When the discordant circumstances of life, the cacophony of voices pulling and pushing us, or the remorseless electronic beeps of a life too full of connectivity are ignored, and we choose to praise, look for reasons to be grateful and to wonder. Like Paul and Silas in ACts 16, "jammin' and singin'" in chains, on a cold stone floor at midnight.......
The photo was taken in Vienna, Mozart is one of my favourite musical therapists - I have a one hour journey each way - time for the clarinet concerto - then on the way home the very best of Emmy Lou Harris.
This week the posts will pick up on Charles Wesley's rock concert approach to life when he gets carried away by the music and throws his crown at the feet of Jesus, "lost in wonder, love and praise." Let's start there! I know Christian life was never meant to be a lifelong rock concert for rockers, or a lifelong symphony for classical buffs, or a lifelong (Lord help us) country western ballad for us country music fans. But to think of worshipping God as being present at a live concert of our favourite music, played or sung by those artists who can stir our soul, who can make us laugh or cry and either way shed tears, and just occasionally take our understanding of ourselves and our lives and of the love of God, to a new level or a new depth - that would be music therapy.

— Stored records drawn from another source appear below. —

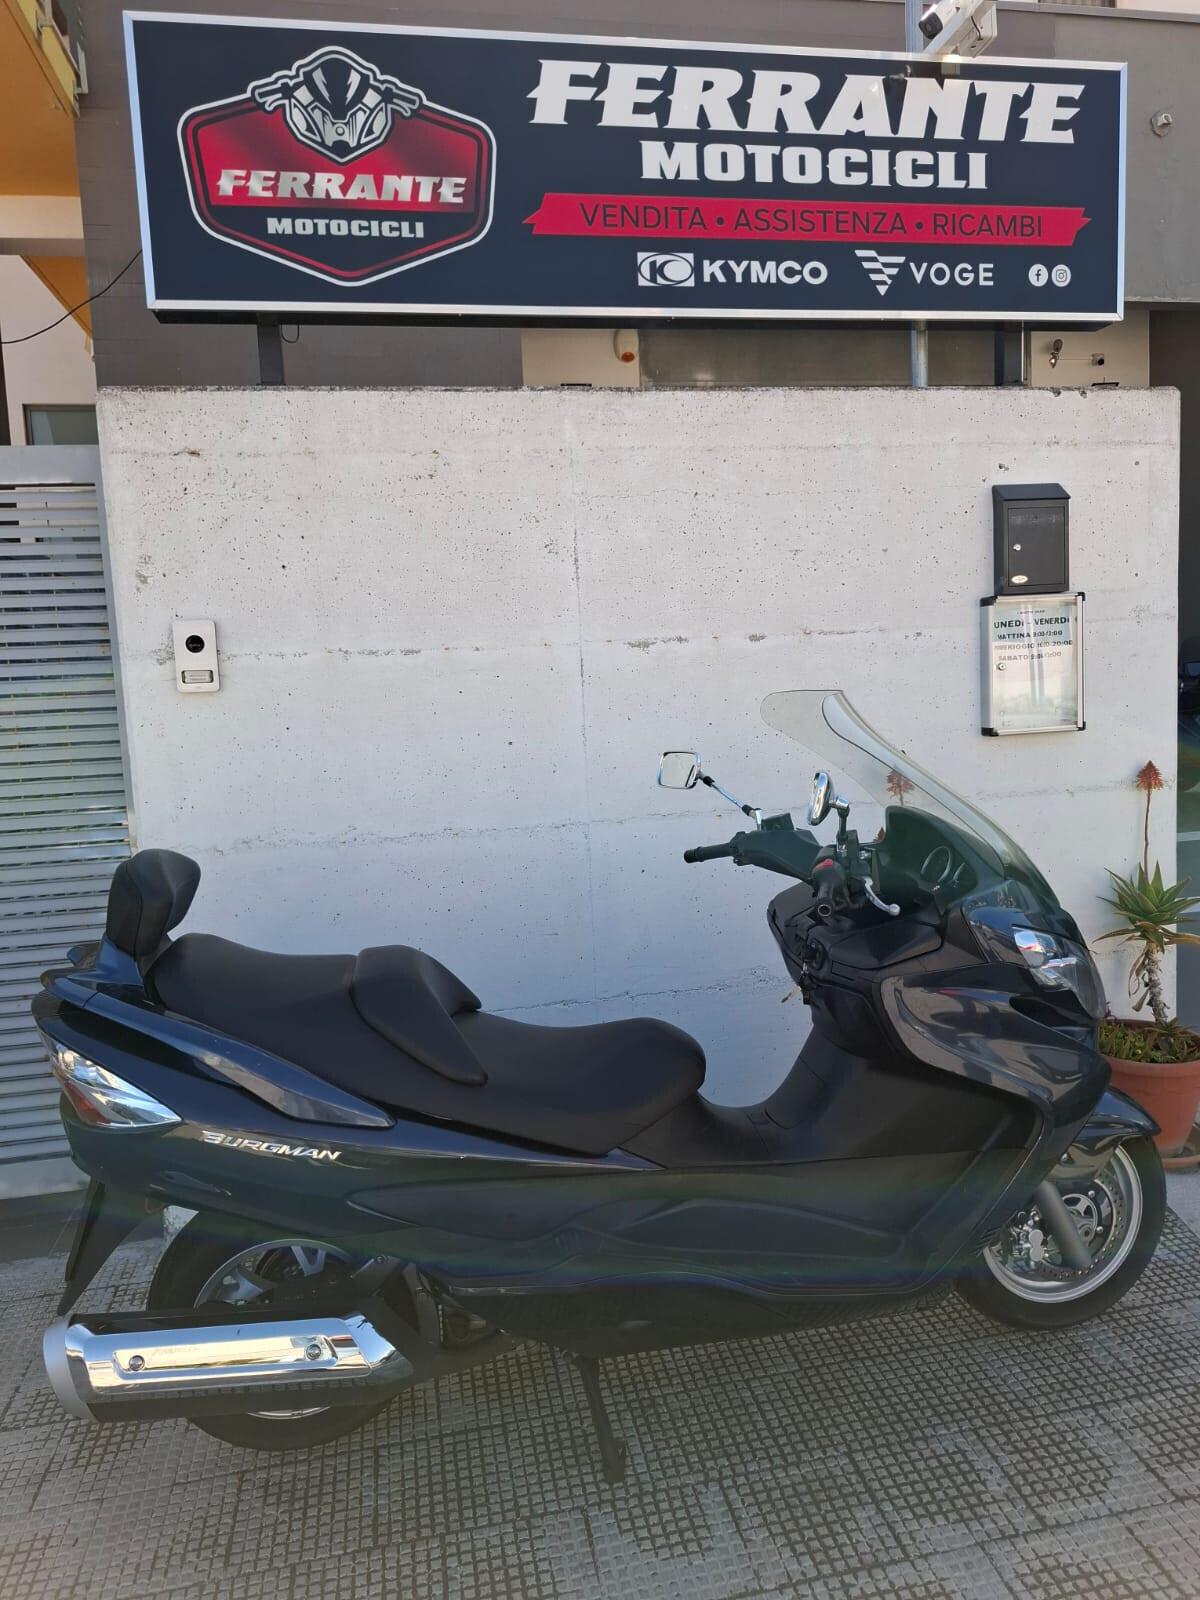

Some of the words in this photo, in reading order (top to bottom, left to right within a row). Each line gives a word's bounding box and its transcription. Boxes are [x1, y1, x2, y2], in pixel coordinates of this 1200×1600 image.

[526, 59, 1085, 144] FERRANTE
[638, 140, 988, 189] MOTOCICLI
[216, 169, 467, 204] FERRANTE
[266, 217, 424, 238] MOTOCICLI
[579, 202, 707, 230] VENDITA
[733, 208, 908, 235] ASSISTENZA
[932, 213, 1042, 238] RICAMBI
[703, 259, 828, 285] KYMCO
[909, 262, 994, 286] VOGE
[201, 1130, 342, 1161] BURGMAN

Here's one that does it for me - every time. For my fortieth birthday Sheila bought me a pre-digital Technics sound system. The first CD I played on it contains this track. It reverberated throughout our granite built house and I could feel it vibrate in my bones - it still lifts me into those secret places of emotional inner expression where prayer, worship, loss and longing, sadness and joy, weariness and vitality, merge into a sense of something vaster than me, which enlarges, heals and summons us towards that which finally and fully allows us to be who we are.